*Problem details:* Please transcribe every entry below exactly, without including the pictures.

*Study material:*
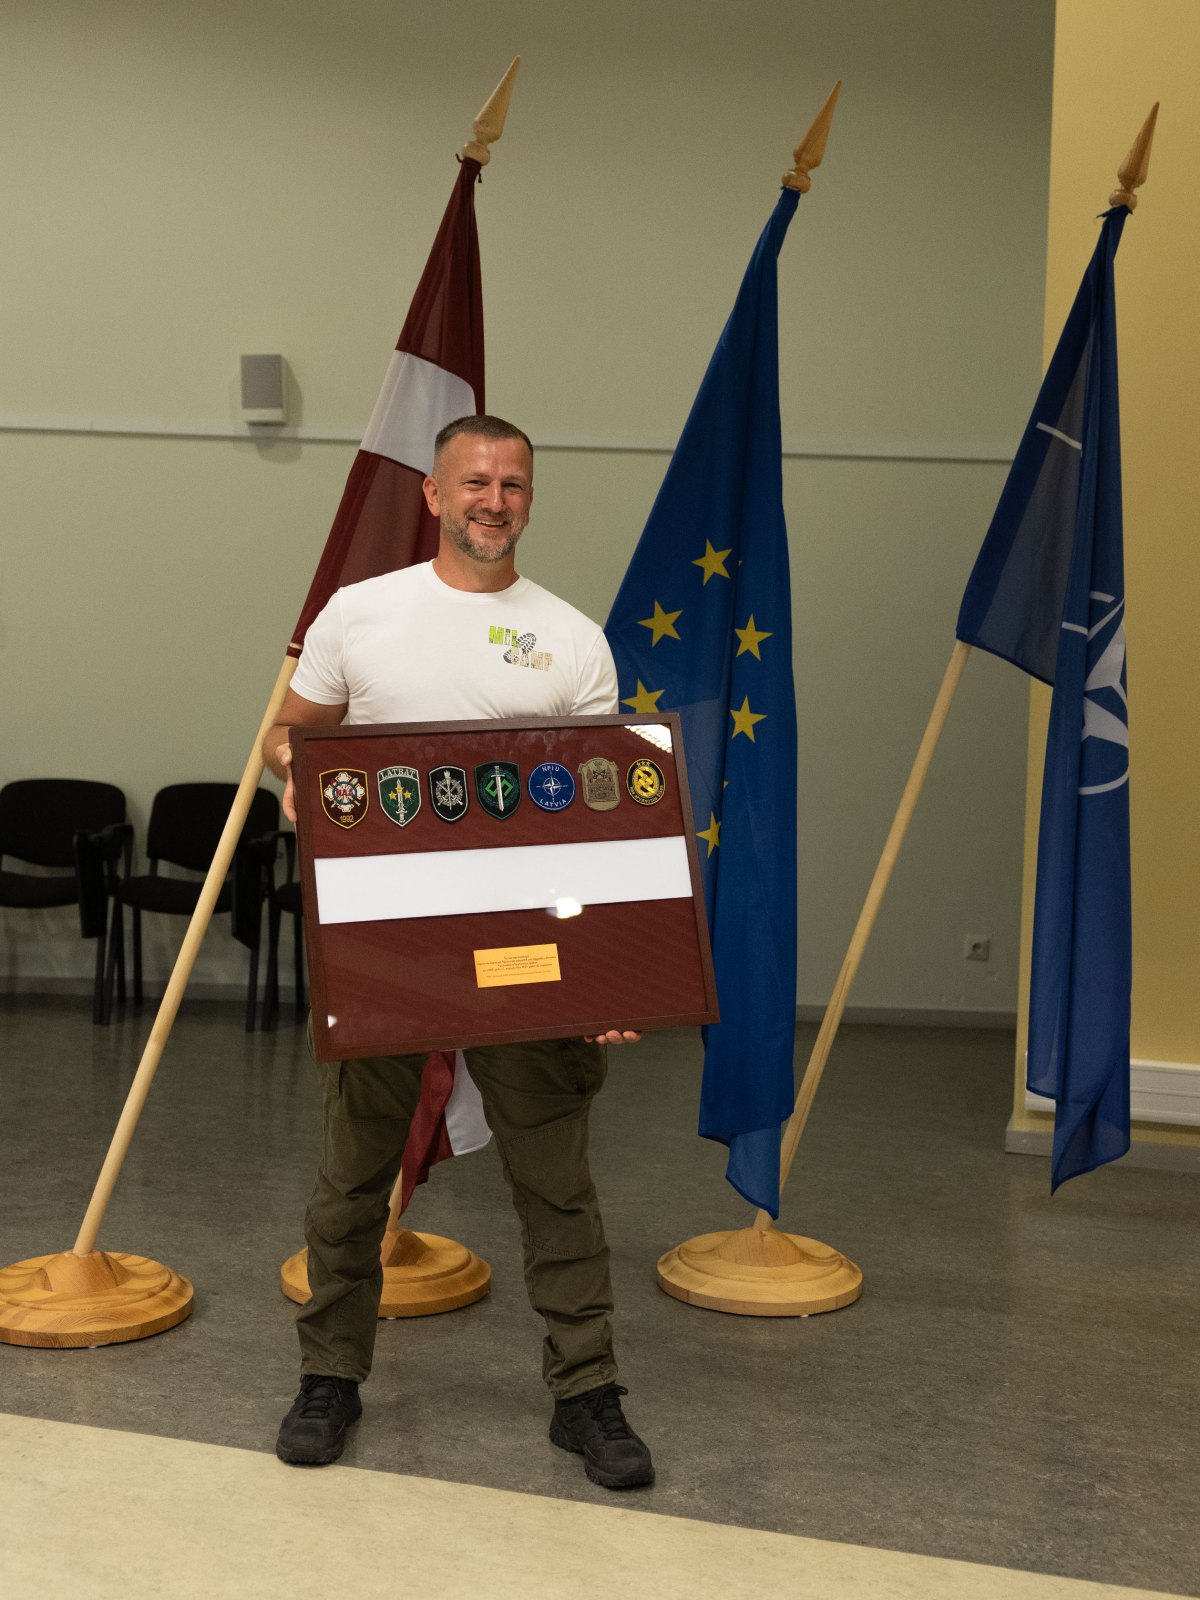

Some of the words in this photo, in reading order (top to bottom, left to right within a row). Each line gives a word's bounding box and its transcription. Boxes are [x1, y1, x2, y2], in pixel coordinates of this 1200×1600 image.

[380, 767, 416, 780] LATBAT
[539, 798, 567, 808] LATVIA
[340, 814, 355, 824] 1992
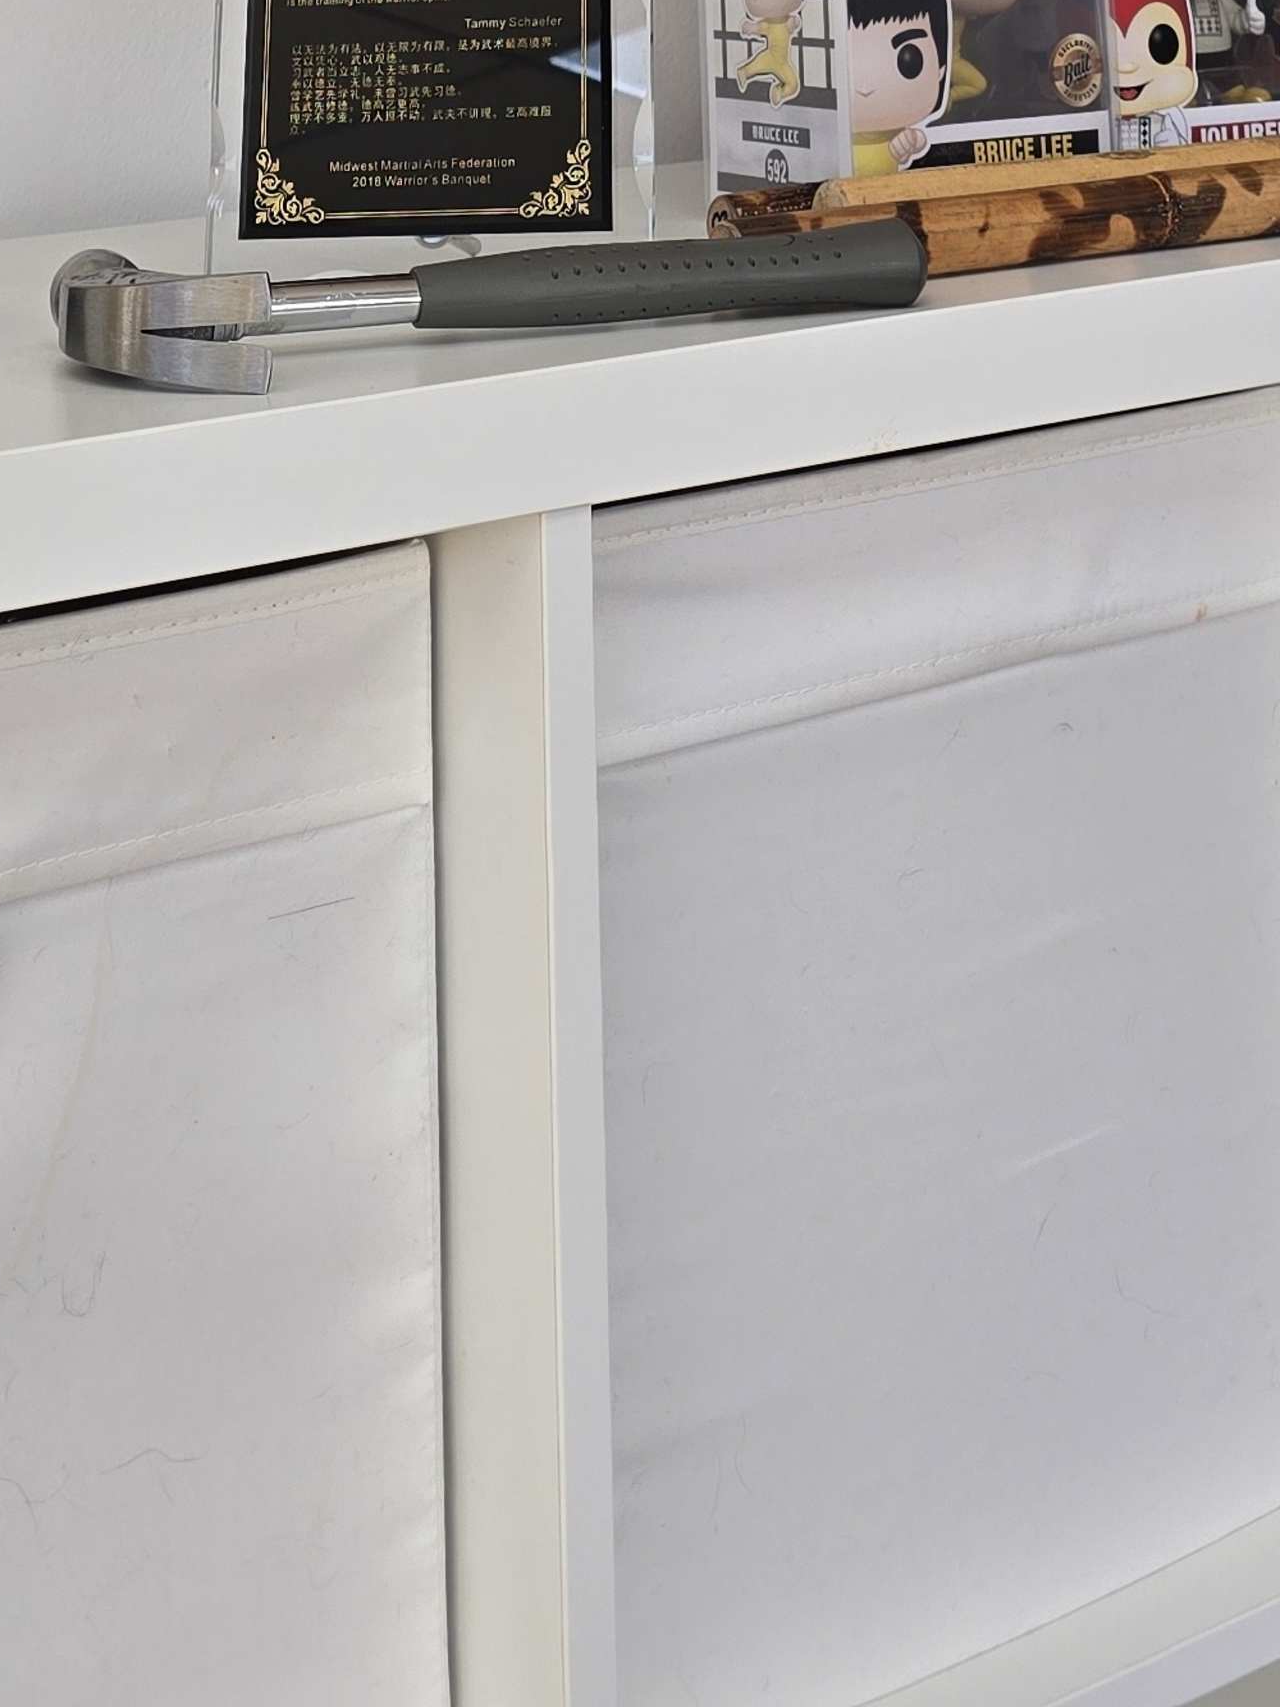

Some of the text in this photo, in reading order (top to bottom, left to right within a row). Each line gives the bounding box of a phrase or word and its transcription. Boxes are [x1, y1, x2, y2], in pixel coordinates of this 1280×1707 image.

[464, 15, 562, 30] Tammy Schaefer
[752, 125, 799, 144] BRUCE LEE
[973, 133, 1073, 165] BRUCE LEE
[329, 157, 516, 172] Midwest Martial Arts Federation
[767, 158, 787, 183] 592
[352, 175, 381, 188] 2018
[441, 173, 492, 187] Banquet
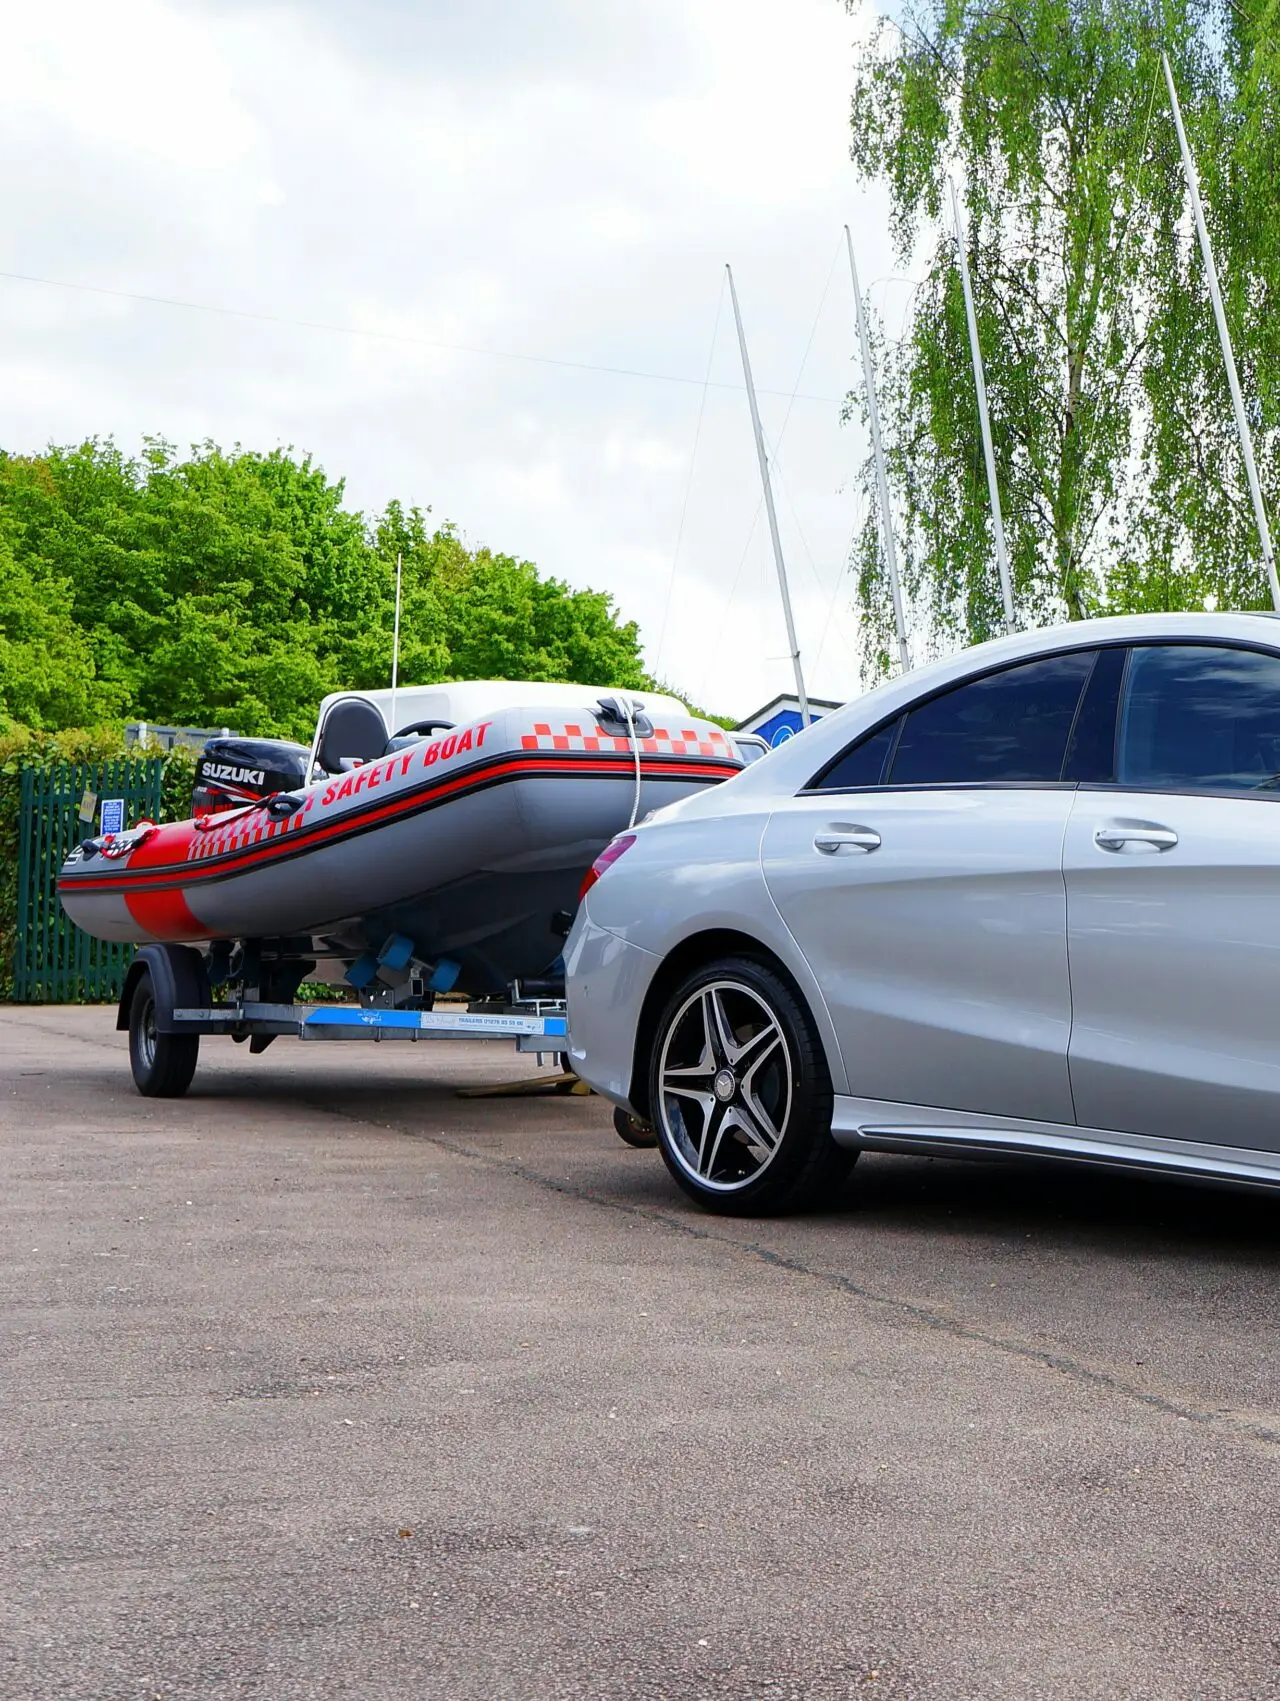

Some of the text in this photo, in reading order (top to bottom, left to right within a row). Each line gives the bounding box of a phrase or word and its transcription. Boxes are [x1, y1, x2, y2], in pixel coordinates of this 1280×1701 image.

[201, 762, 265, 785] SUZUKI
[321, 721, 493, 806] SAFETY BOAT
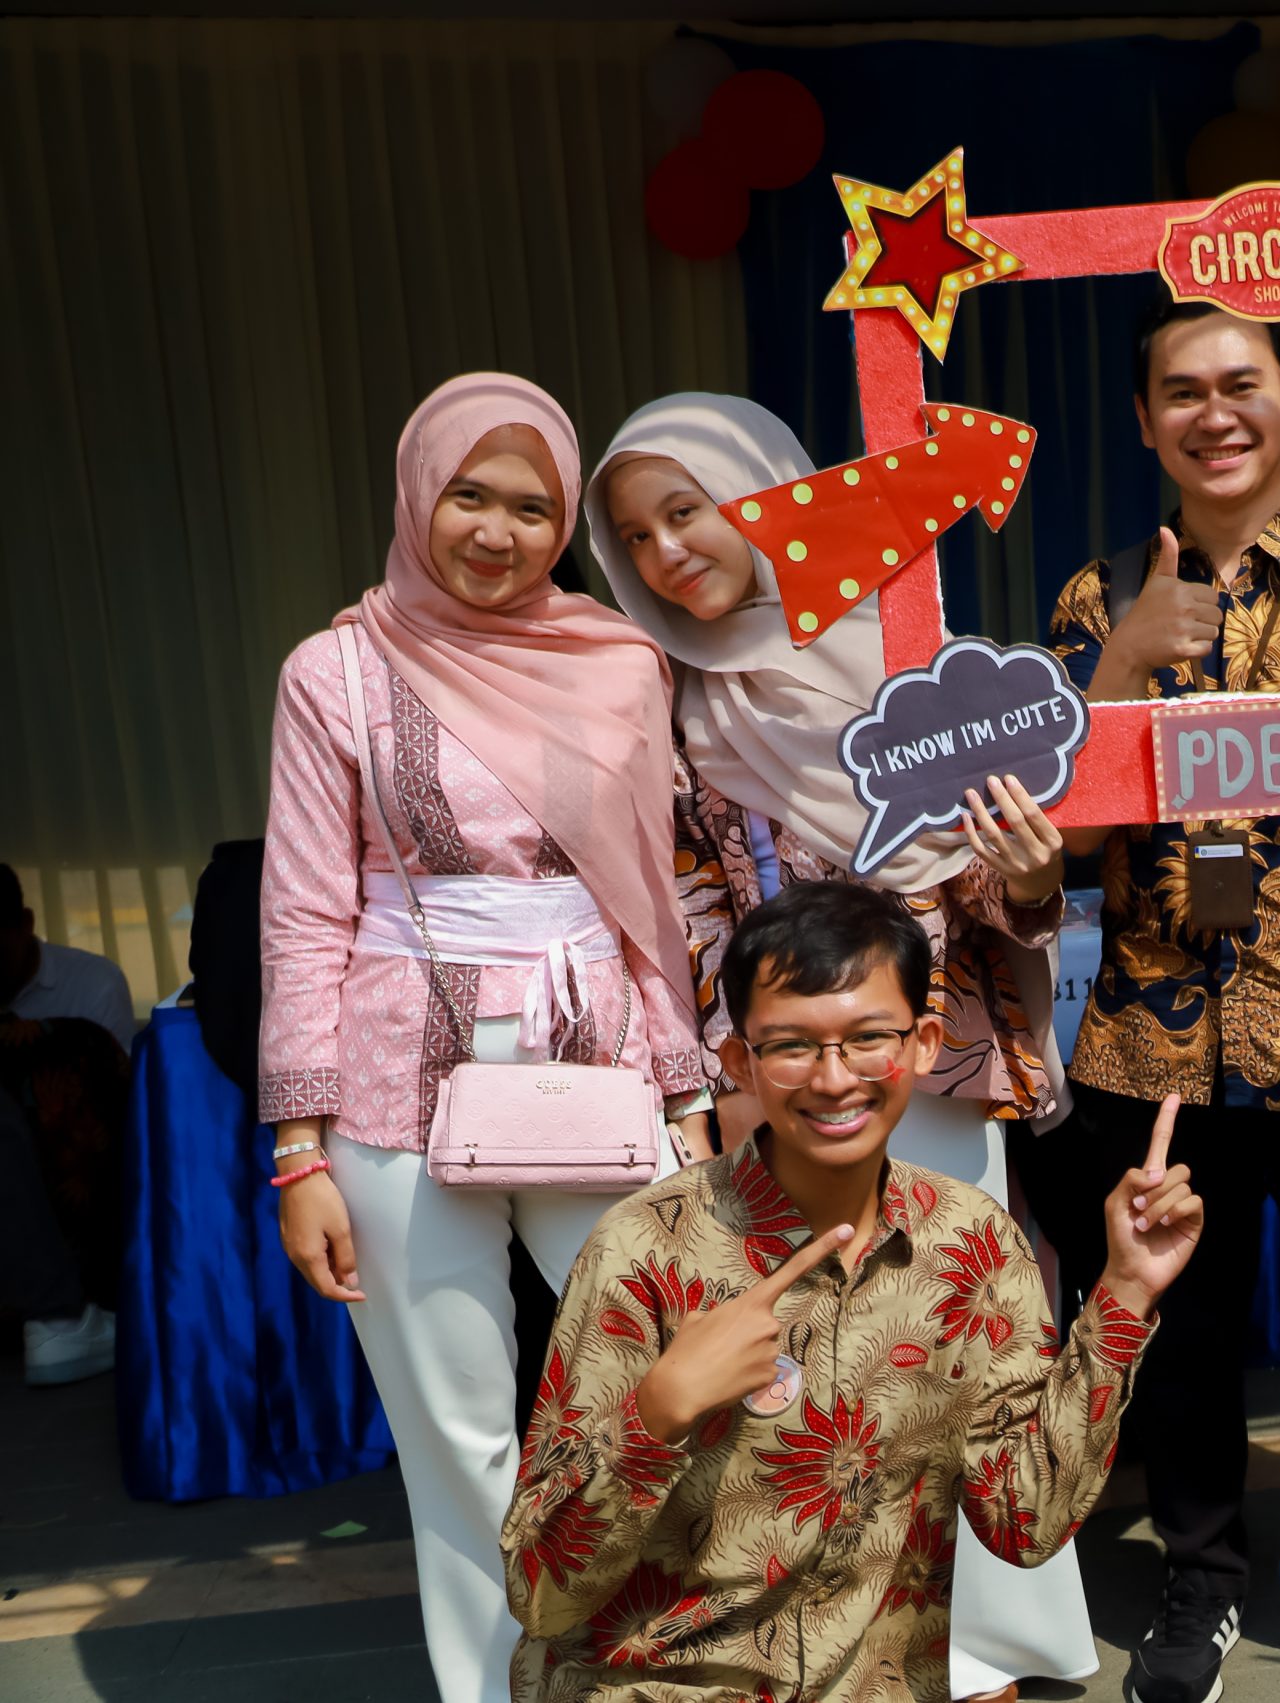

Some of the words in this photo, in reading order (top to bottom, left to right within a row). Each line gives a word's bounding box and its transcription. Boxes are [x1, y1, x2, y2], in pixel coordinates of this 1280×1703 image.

[1223, 201, 1268, 228] WELCOME
[870, 752, 883, 777] I
[884, 729, 956, 773] KNOW
[960, 718, 996, 749] I'M
[1001, 695, 1067, 736] CUTE

*Solution to this exercise:*
Some of the words in this photo, in reading order (top to bottom, left to right within a row). Each line gives a word's bounding box and its transcription. Boxes are [x1, y1, x2, y2], in pixel coordinates of this 1200×1600 image.

[380, 767, 416, 780] LATBAT
[539, 798, 567, 808] LATVIA
[340, 814, 355, 824] 1992

Some of the text in this photo, in reading order (top to bottom, left to right within a row). Each line gives the bounding box of a phrase or word and its transcription. Boxes are [x1, y1, x2, y2], in pixel coordinates of this 1280×1707 image.

[464, 15, 562, 30] Tammy Schaefer
[752, 125, 799, 144] BRUCE LEE
[973, 133, 1073, 165] BRUCE LEE
[329, 157, 516, 172] Midwest Martial Arts Federation
[767, 158, 787, 183] 592
[352, 175, 381, 188] 2018
[441, 173, 492, 187] Banquet

Some of the text in this photo, in reading order (top to bottom, left to right within a row). Each line gives the bounding box of a phrase or word and its transcription. Boxes are [x1, y1, x2, y2], in pixel coordinates of this 1280×1701 image.

[201, 762, 265, 785] SUZUKI
[321, 721, 493, 806] SAFETY BOAT

Some of the words in this photo, in reading order (top to bottom, left to right within a row). Each line gives a word's bounding box and its transcription. Boxes are [x1, y1, x2, y2], in pixel coordinates of this 1280×1703 image.

[1223, 201, 1268, 228] WELCOME
[870, 752, 883, 777] I
[884, 729, 956, 773] KNOW
[960, 718, 996, 749] I'M
[1001, 695, 1067, 736] CUTE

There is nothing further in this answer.